À Doueir, les habitants excédés par le rationnement électrique

Dans cette localité près de Nabatiyé, les factures de générateurs privés dépassent 80 dollars pour 5 ampères, hors frais liés aux parties communes.

Un pylône électrique à Doueir. Photo : M. Sab

Au début de l’été, le ministre sortant de l’Économie et du Commerce, Raëd Khoury, tentait une nouvelle fois, un an après un premier échec, d’obliger les propriétaires de générateurs privés à installer à leurs frais des compteurs individuels chez leurs abonnés. Objectif de la mesure : permettre aux clients d’être facturés en fonction de leur consommation réelle au lieu des forfaits qui leur sont actuellement imposés et qui sont calculés à partir des heures de pannes subies et à un tarif fixé par le ministère de l’Énergie et de l’Eau.

Mais, dans certaines régions, la question d’avoir ou non un compteur reste secondaire à côté de l’ampleur du rationnement en électricité, qui s’amplifie à mesure qu’on s’éloigne de la capitale. C’est par exemple le cas à Doueir, une localité située à l’ouest de Nabatiyé et à environ 65 km de la capitale, où les 15 000 habitants subissent douze heures de coupures de courant en moyenne depuis au moins huit ans.

Une fréquence devenue « insupportable » pour nombre d’abonnés locaux, d’autant plus que ce total est supérieur à la moyenne de 9 heures et demie par jour de juin à août, moyenne calculée à partir des estimations mensuelles du ministère de l’Énergie pour l’ensemble des régions du pays. Il est de plus sans commune mesure avec les 4 heures et demie de pannes quotidiennes que vivent les Beyrouthins.



Hausse des forfaits

Cette fréquence de coupures de courant est du véritable pain bénit pour les propriétaires de générateurs dans le pays, des exploitants illégaux en position de force tant qu’Électricité du Liban (EDL) ne parvient pas à fournir du courant 24 heures sur 24 à tous les foyers. À Doueir, encore plus qu’ailleurs, ils imposent leurs abonnements, pour des puissances généralement de 5 ou 10 ampères (A) comme seul palliatif aux carences de l’établissement public détenant le monopole de la production au Liban depuis les années 1960.
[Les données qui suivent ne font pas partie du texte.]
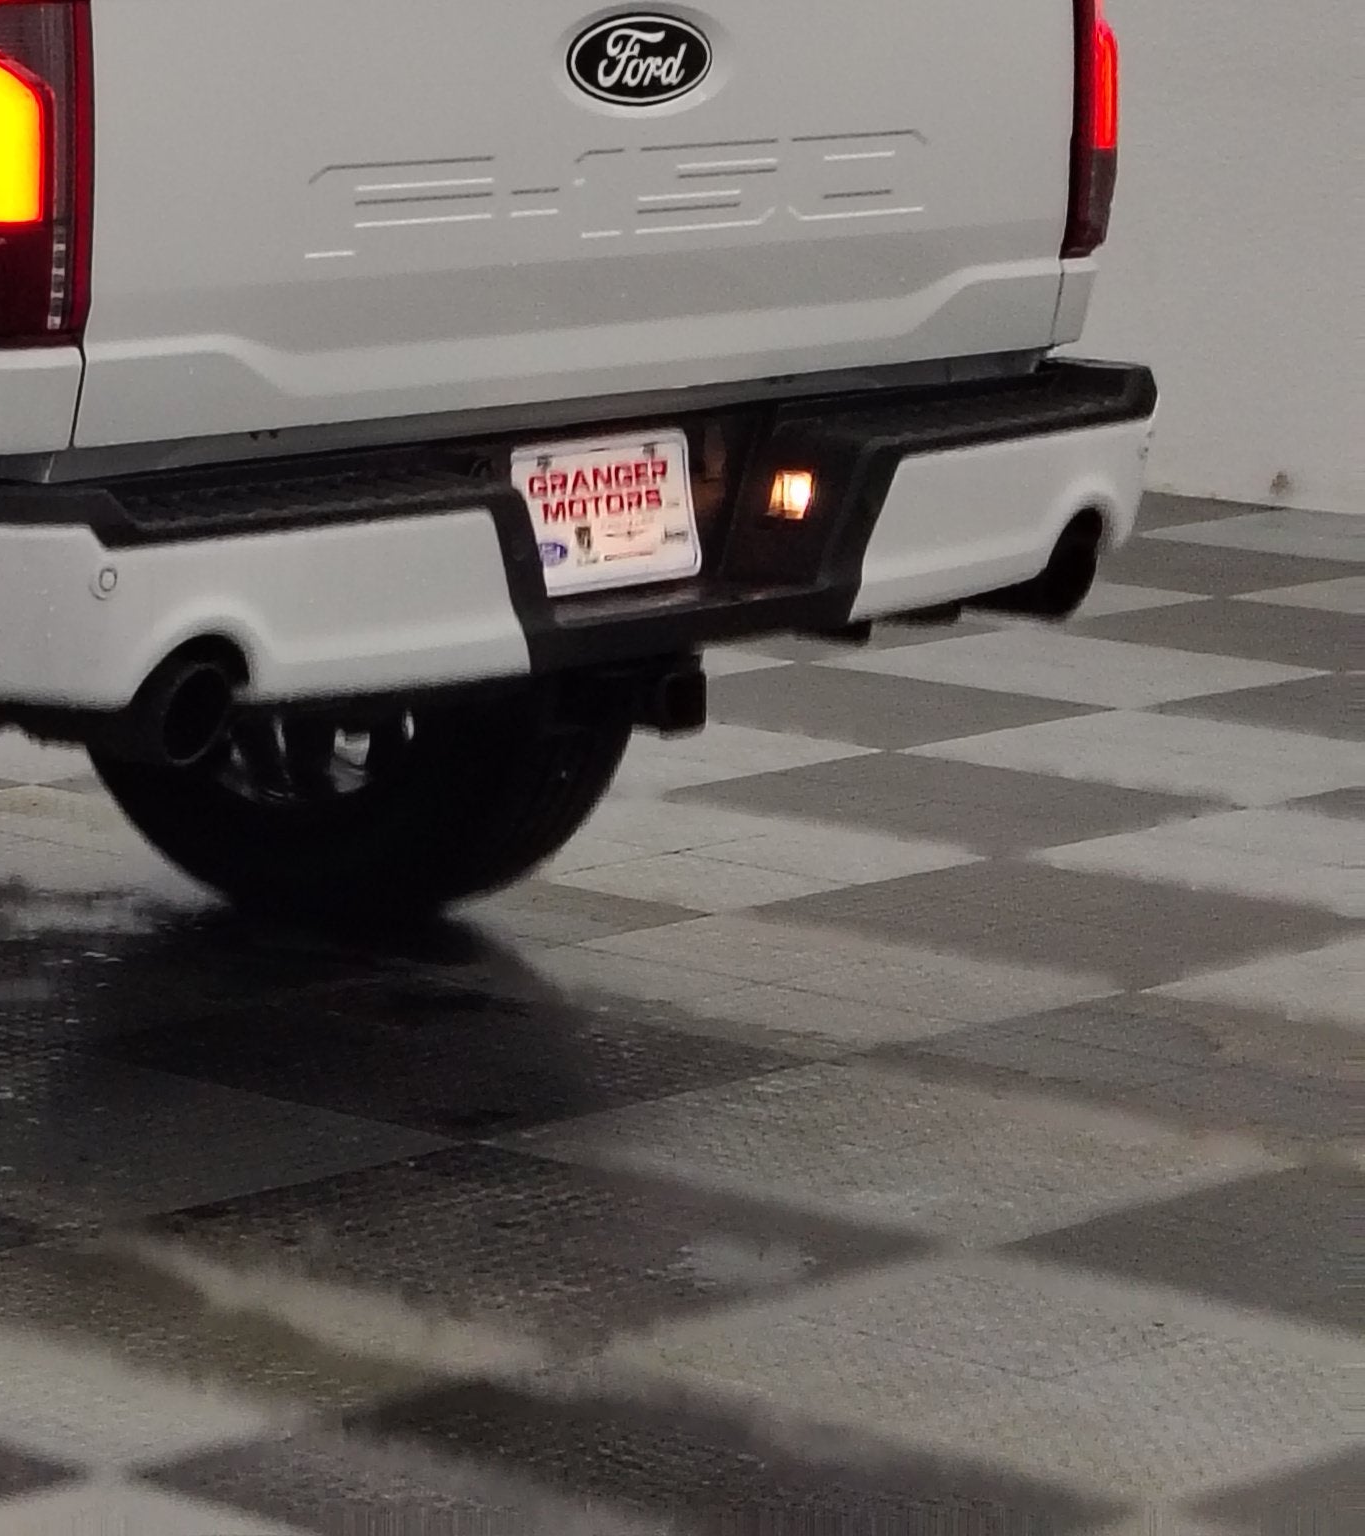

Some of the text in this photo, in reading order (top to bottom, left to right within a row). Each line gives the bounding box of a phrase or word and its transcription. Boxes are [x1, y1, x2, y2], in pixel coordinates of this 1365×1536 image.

[597, 28, 687, 87] Ford
[528, 459, 668, 498] GRANGER
[542, 489, 662, 524] MOTORS
Or ces abonnements sont de plus en plus chers, la tarification du ministère de l’Énergie évoluant en fonction des prix du carburant. En un an, les prix des abonnements pour 5 et 10 A, comme le prix du kilowattheure (kWh), pour les rares propriétaires de générateurs qui l’utilisent comme base, ont augmenté d’environ 30 % à fin août en un an (à 0,22 dollar les 5A ou le kWh et 0,44 les 10A), pendant que le baril du pétrole renchérissait de 40 % (à 70 dollars). Pour Doueir, cela veut dire qu’un abonnement de 5A coûtait plus de 80 dollars par foyer, hors charges supplémentaires liées aux consommations des parties communes, qui peuvent être également facturées. Cette somme s’ajoute à la facture d’EDL, calculée au kWh.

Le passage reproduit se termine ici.